Copy the data that follows exactly. Include no pictures.

[[ Source material open ]]

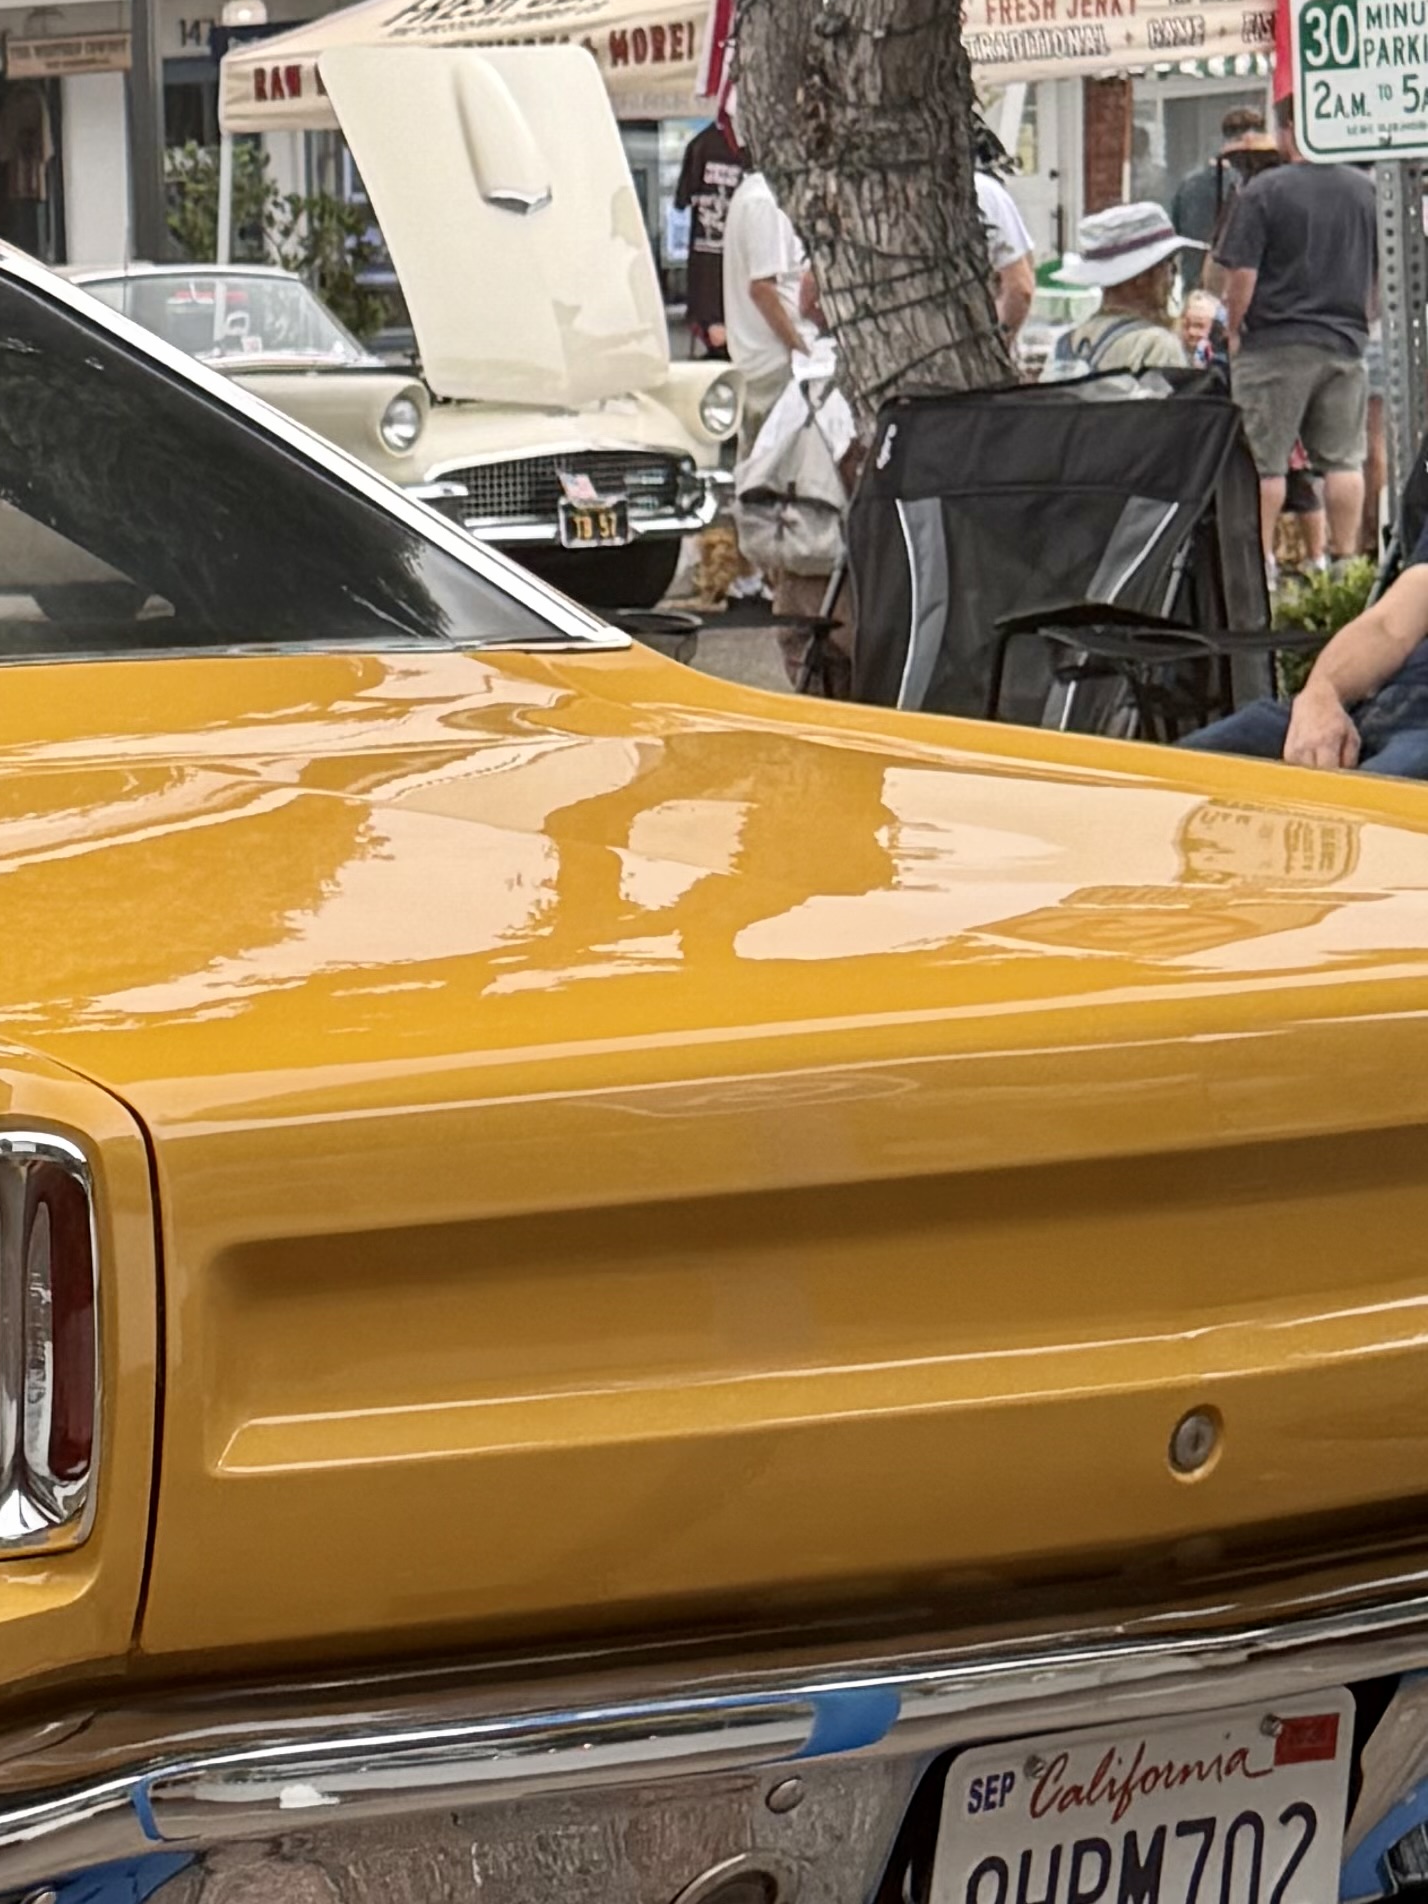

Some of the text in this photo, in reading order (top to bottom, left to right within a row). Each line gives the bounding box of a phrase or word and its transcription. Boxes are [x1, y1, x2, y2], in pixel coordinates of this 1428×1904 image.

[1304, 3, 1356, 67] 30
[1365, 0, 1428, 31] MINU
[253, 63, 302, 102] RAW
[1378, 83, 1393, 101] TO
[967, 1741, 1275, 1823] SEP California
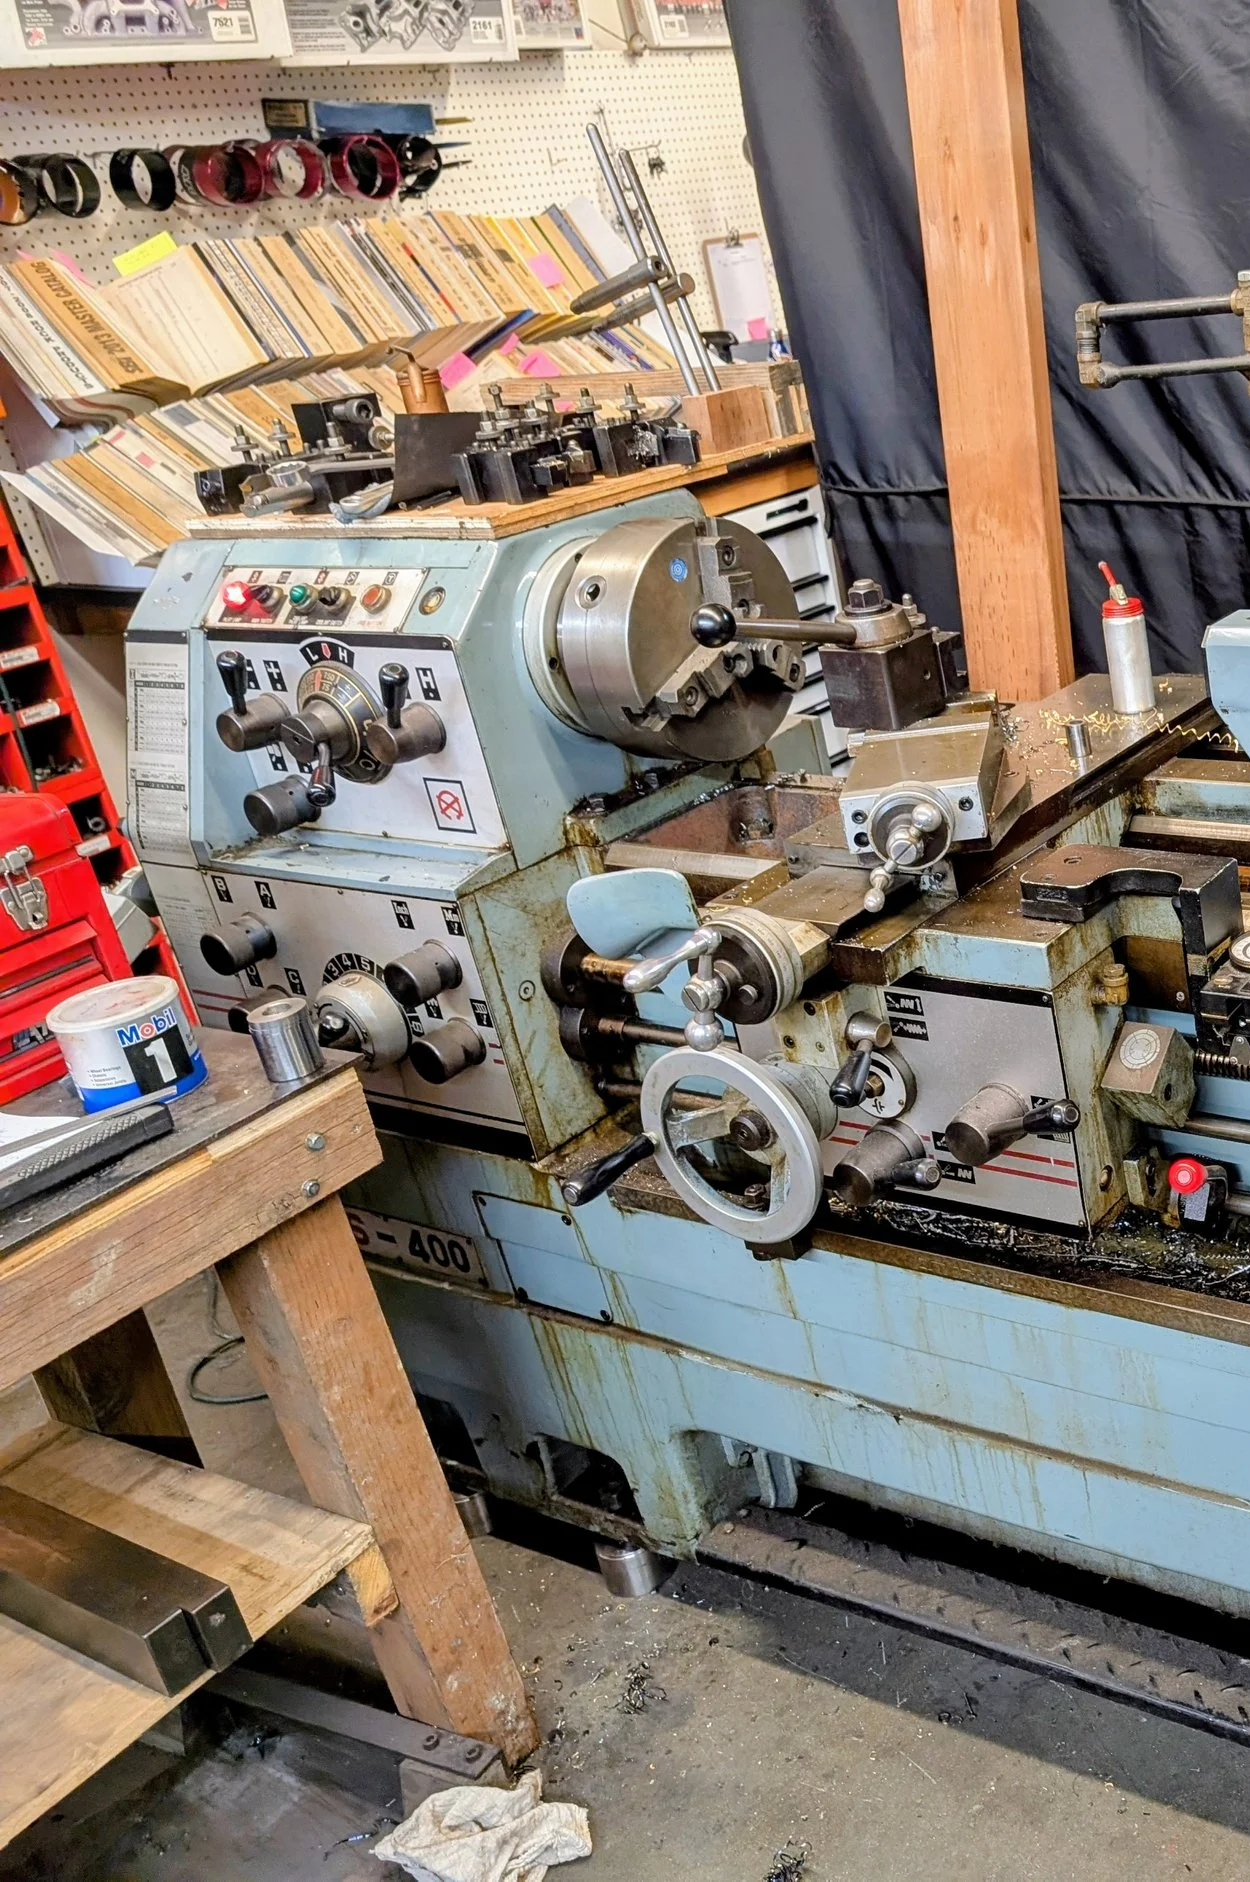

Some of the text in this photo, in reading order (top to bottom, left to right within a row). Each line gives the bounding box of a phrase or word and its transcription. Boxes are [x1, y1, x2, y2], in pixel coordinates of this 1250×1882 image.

[[ Source material closed ]]

* [Task solution]
Some of the text in this photo, in reading order (top to bottom, left to right within a row). Each line gives the bounding box of a phrase or word and its transcription. Boxes are [x1, y1, x2, y2], in pixel coordinates of this 1428×1904 image.

[1304, 3, 1356, 67] 30
[1365, 0, 1428, 31] MINU
[253, 63, 302, 102] RAW
[1378, 83, 1393, 101] TO
[967, 1741, 1275, 1823] SEP California

Some of the text in this photo, in reading order (top to bottom, left to right within a row). Each line gives the bounding box of a phrase or word and its transcription. Boxes are [x1, y1, x2, y2], in pixel coordinates of this 1250×1882 image.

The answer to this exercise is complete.